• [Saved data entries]
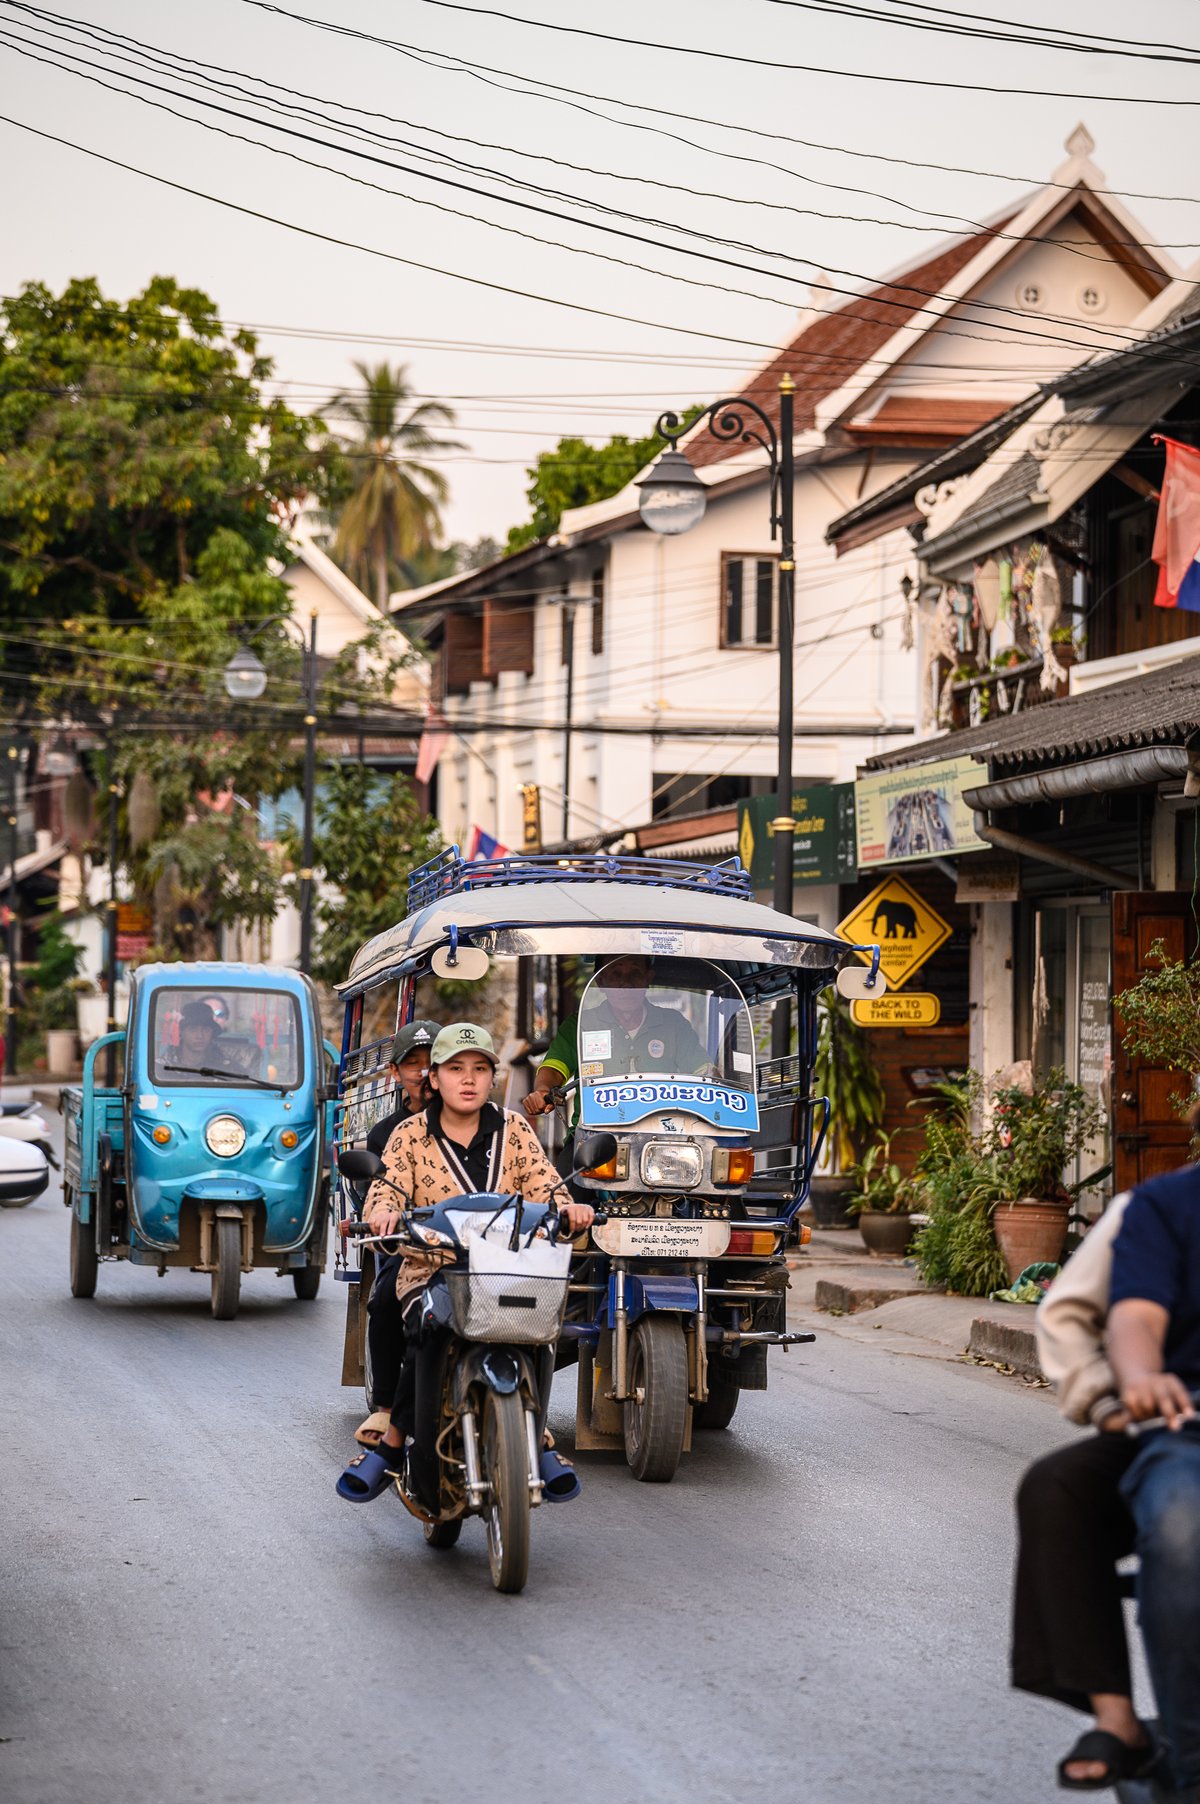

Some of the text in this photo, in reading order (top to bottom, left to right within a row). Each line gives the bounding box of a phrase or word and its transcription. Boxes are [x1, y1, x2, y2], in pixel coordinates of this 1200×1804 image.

[871, 1000, 920, 1009] BACK TO
[870, 1010, 922, 1019] THE WILD
[595, 1086, 748, 1112] ຫຼວງພະບາງ
[657, 1248, 667, 1256] 071
[678, 1249, 689, 1257] 418

• [Assigned task]
Each line of the data above needs to be retyped as it is, without any picture.

• [Response to the exercise]
Some of the text in this photo, in reading order (top to bottom, left to right within a row). Each line gives the bounding box of a phrase or word and its transcription. Boxes are [x1, y1, x2, y2], in pixel coordinates of this 1200×1804 image.

[871, 1000, 920, 1009] BACK TO
[870, 1010, 922, 1019] THE WILD
[595, 1086, 748, 1112] ຫຼວງພະບາງ
[657, 1248, 667, 1256] 071
[678, 1249, 689, 1257] 418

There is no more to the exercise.